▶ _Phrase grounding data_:
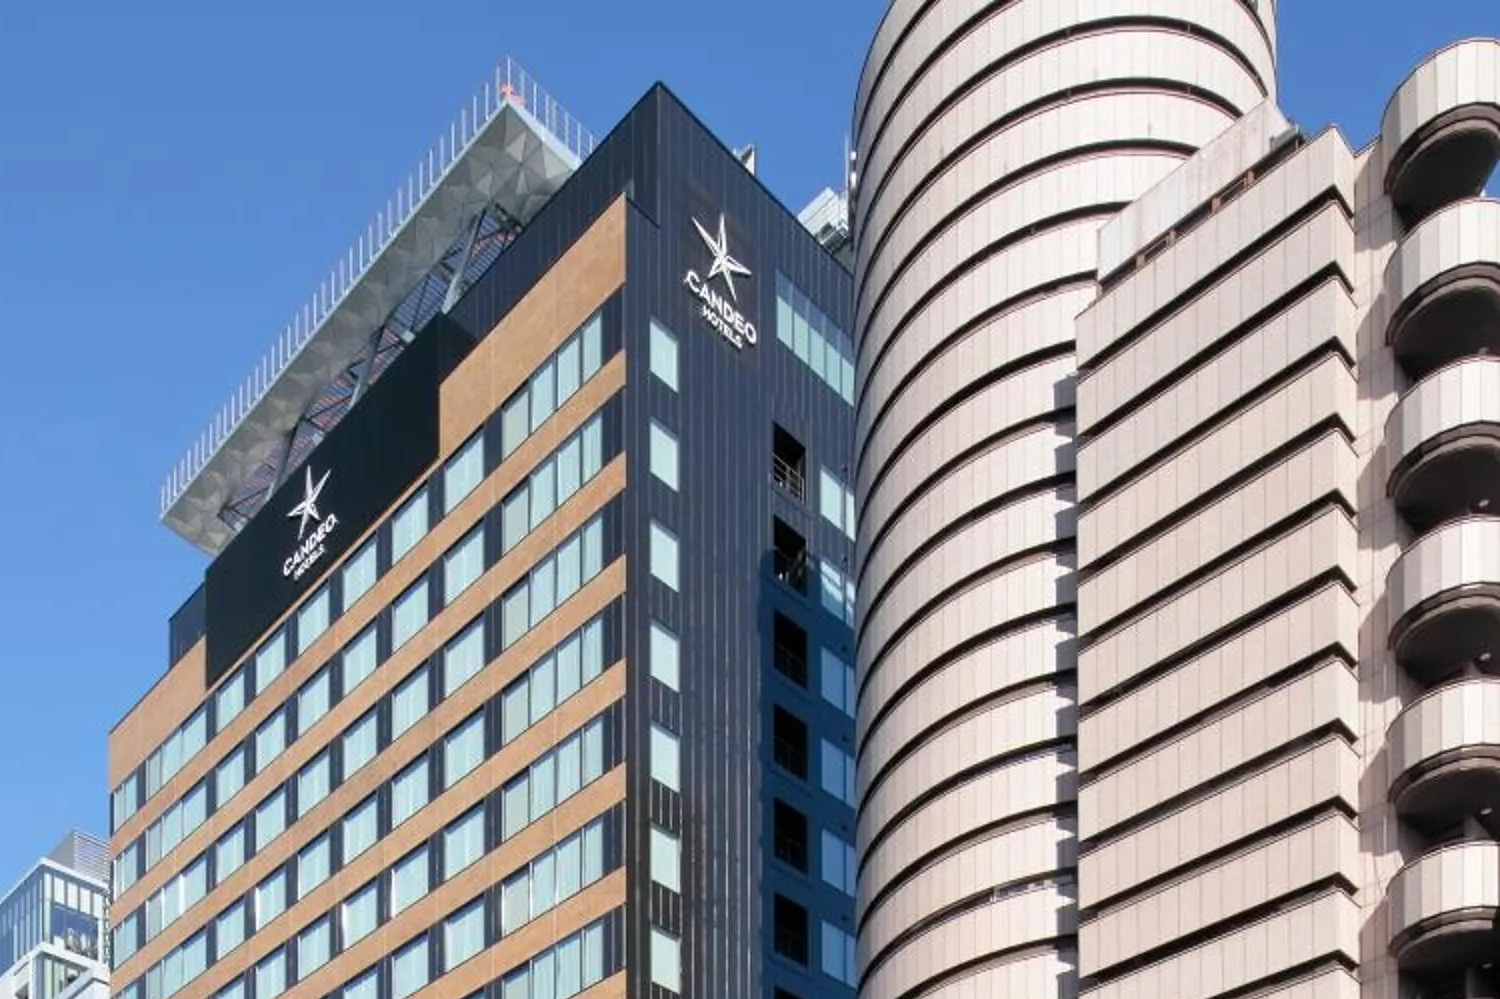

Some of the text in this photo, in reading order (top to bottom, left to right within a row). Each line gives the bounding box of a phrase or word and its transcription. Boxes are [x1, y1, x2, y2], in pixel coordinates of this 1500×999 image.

[684, 269, 757, 345] CANDEO
[702, 306, 743, 350] HOTELS
[283, 513, 338, 577] CANDEO
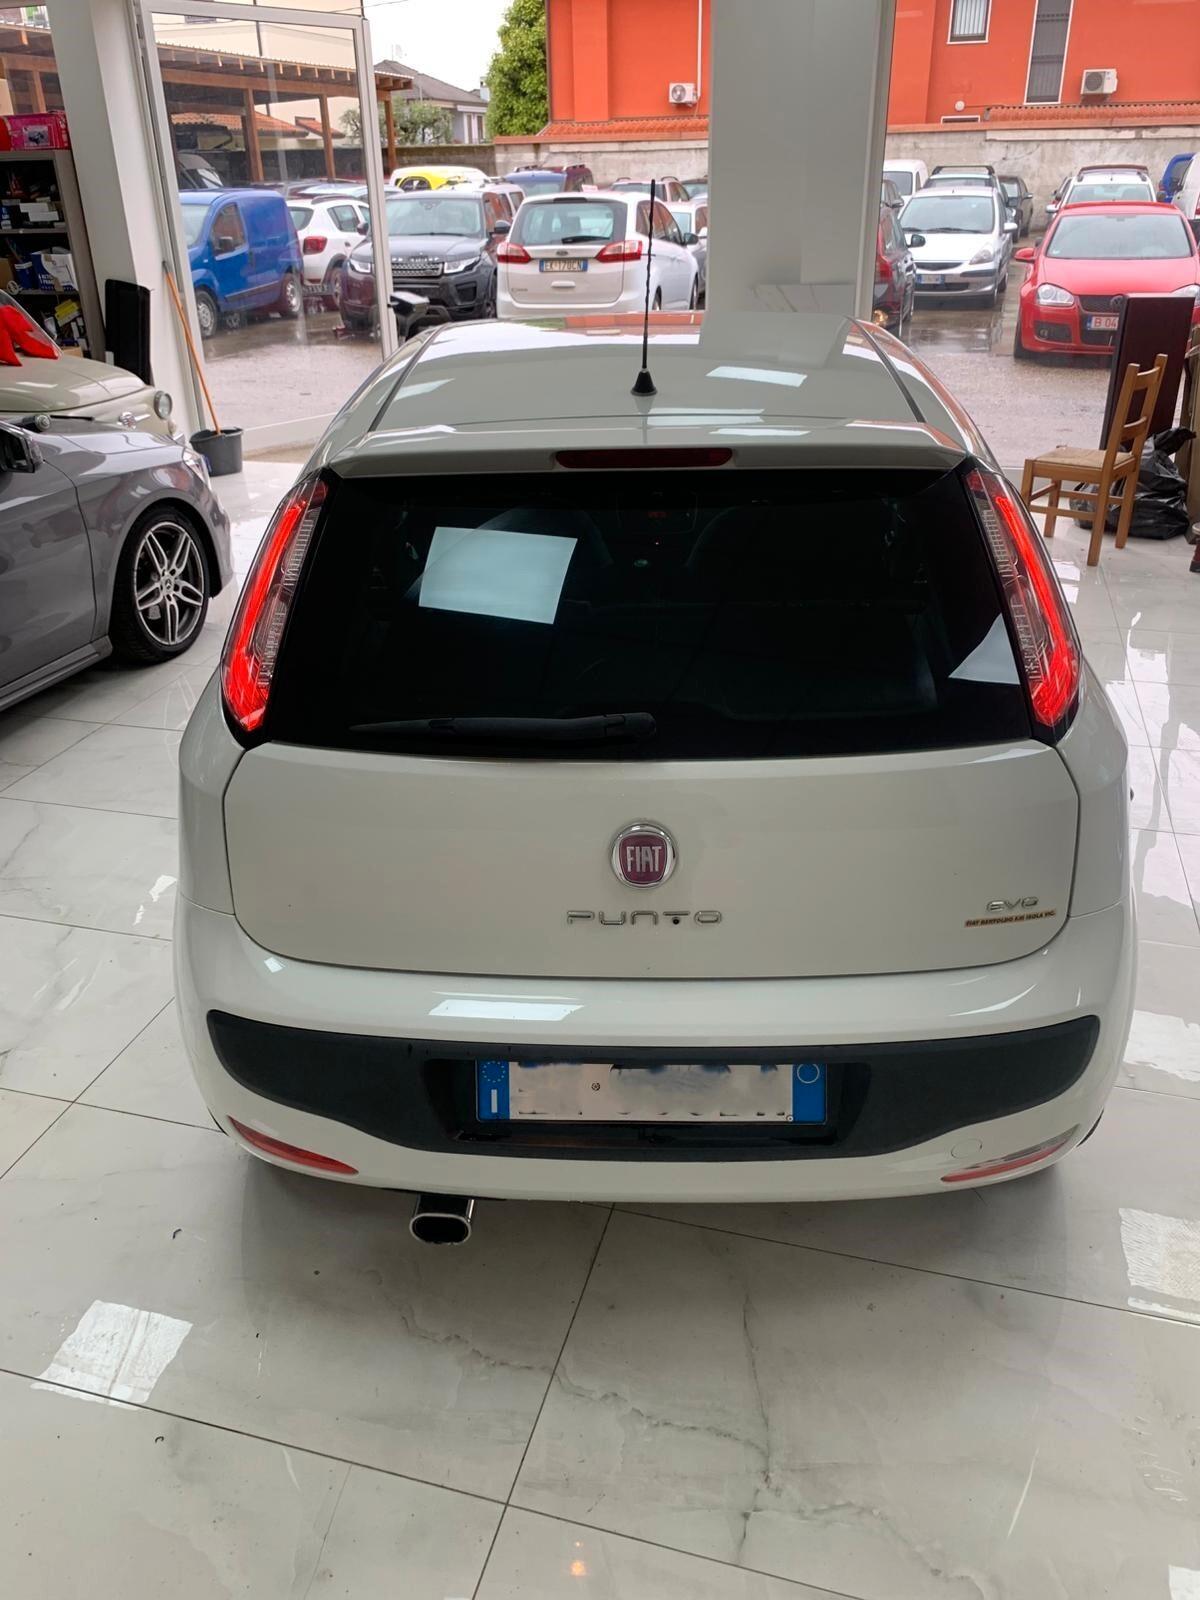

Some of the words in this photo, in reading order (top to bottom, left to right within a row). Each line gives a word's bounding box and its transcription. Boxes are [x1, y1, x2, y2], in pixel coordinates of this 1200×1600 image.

[1094, 318, 1102, 327] B
[626, 844, 662, 873] FIAT
[986, 896, 1039, 912] EVO
[566, 909, 723, 927] PUNTO

▶ _Your task_: Could you repeat every entry above exactly, with each picture omitted?

▶ _Task output_:
Some of the text in this photo, in reading order (top to bottom, left to right within a row). Each line gives the bounding box of a phrase or word and its transcription. Boxes are [x1, y1, x2, y2], in pixel coordinates of this 1500×999 image.

[684, 269, 757, 345] CANDEO
[702, 306, 743, 350] HOTELS
[283, 513, 338, 577] CANDEO

Some of the words in this photo, in reading order (top to bottom, left to right within a row). Each line gives a word's bounding box and its transcription. Boxes are [x1, y1, x2, y2], in pixel coordinates of this 1200×1600 image.

[1094, 318, 1102, 327] B
[626, 844, 662, 873] FIAT
[986, 896, 1039, 912] EVO
[566, 909, 723, 927] PUNTO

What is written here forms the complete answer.